Ellsworth previously held positions at Yale University and Stanford University. Throughout her career, she has served on various editorial boards, advisory committees, and review panels. She also served as a member on the Board of Trustees of the Law and Society Association, the Executive Board of the Society for Experimental Social Psychology, and the Board of Trustees of the Russell Sage Foundation. [1] She is currently a board member of the Death Penalty Information Center.

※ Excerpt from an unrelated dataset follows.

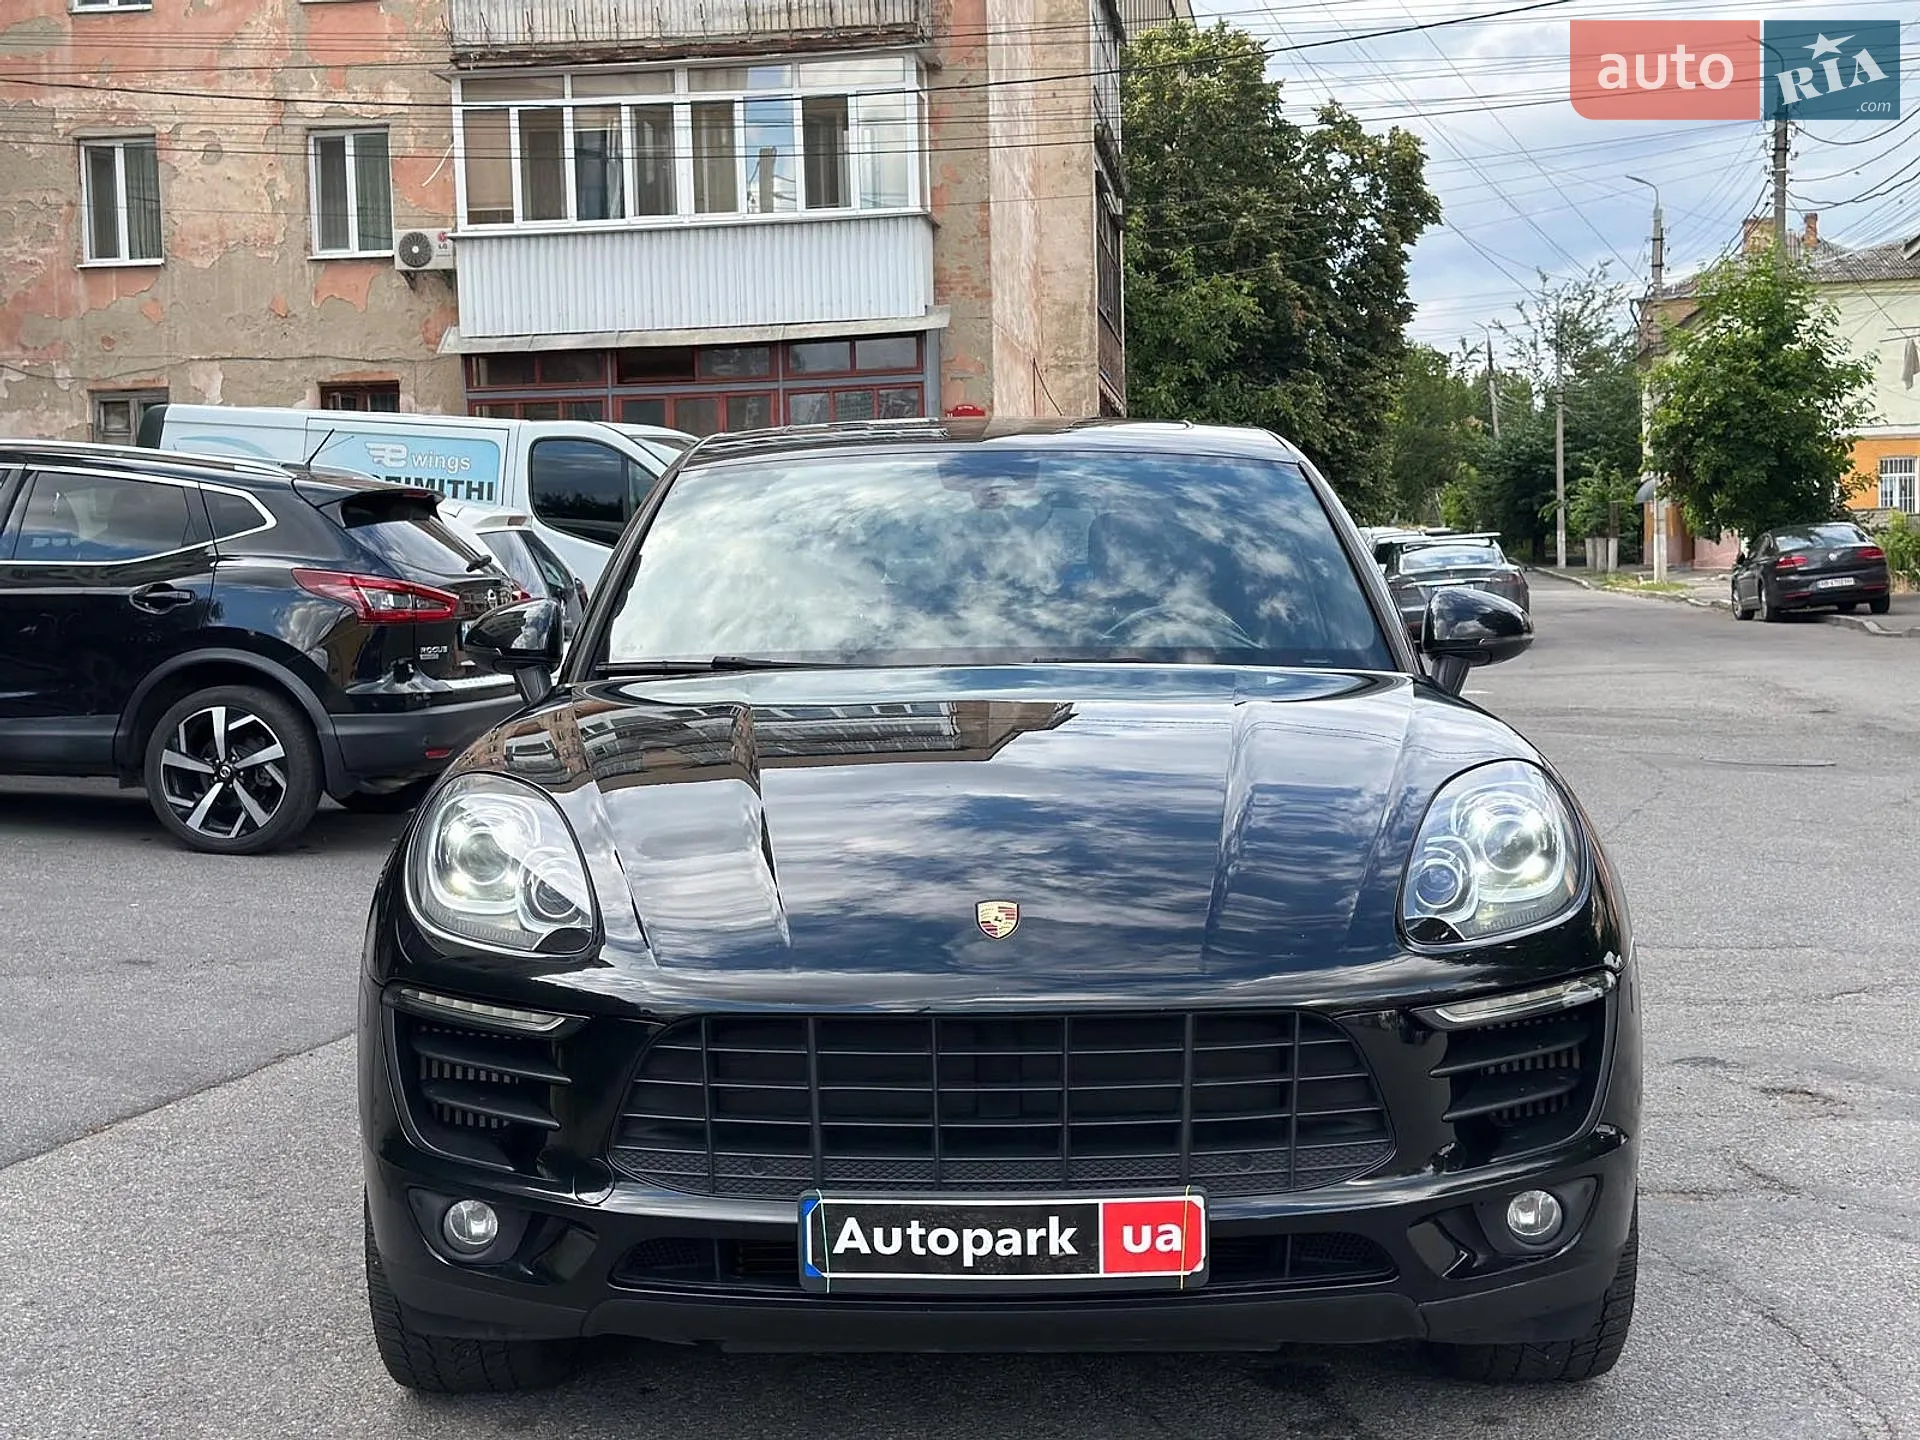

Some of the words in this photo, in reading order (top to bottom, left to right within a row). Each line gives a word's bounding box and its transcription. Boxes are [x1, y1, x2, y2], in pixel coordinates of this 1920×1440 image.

Ellsworth is noted for her work in law and psychology. More specifically, she has done research on jury behavior and decision making, public opinion and the death penalty, and eyewitness identification. Her other main research interest is in emotions. Some areas of research in this topic include facial emotions, cognition and emotion, and interpretation of emotion. As a graduate student, she worked with Paul Ekman and Wallace Friesen to develop the photographs that were used in their research comparing perceptions of emotional faces across cultures. [2] [3] Ellsworth is known for her contributions to appraisal theory, [4] emotions and culture, [5] [6] [7] challenges of emotion and language, [8] and for her writing on William James. [9] In much of her research, Ellsworth has intertwined an interest in cultural differences. In particular, she has taken a look at the cultural differences in perceiving facial emotions (Masuda, Ellsworth, Mesquita, Leu, Tanida, and Van de Veerdonk, 2008).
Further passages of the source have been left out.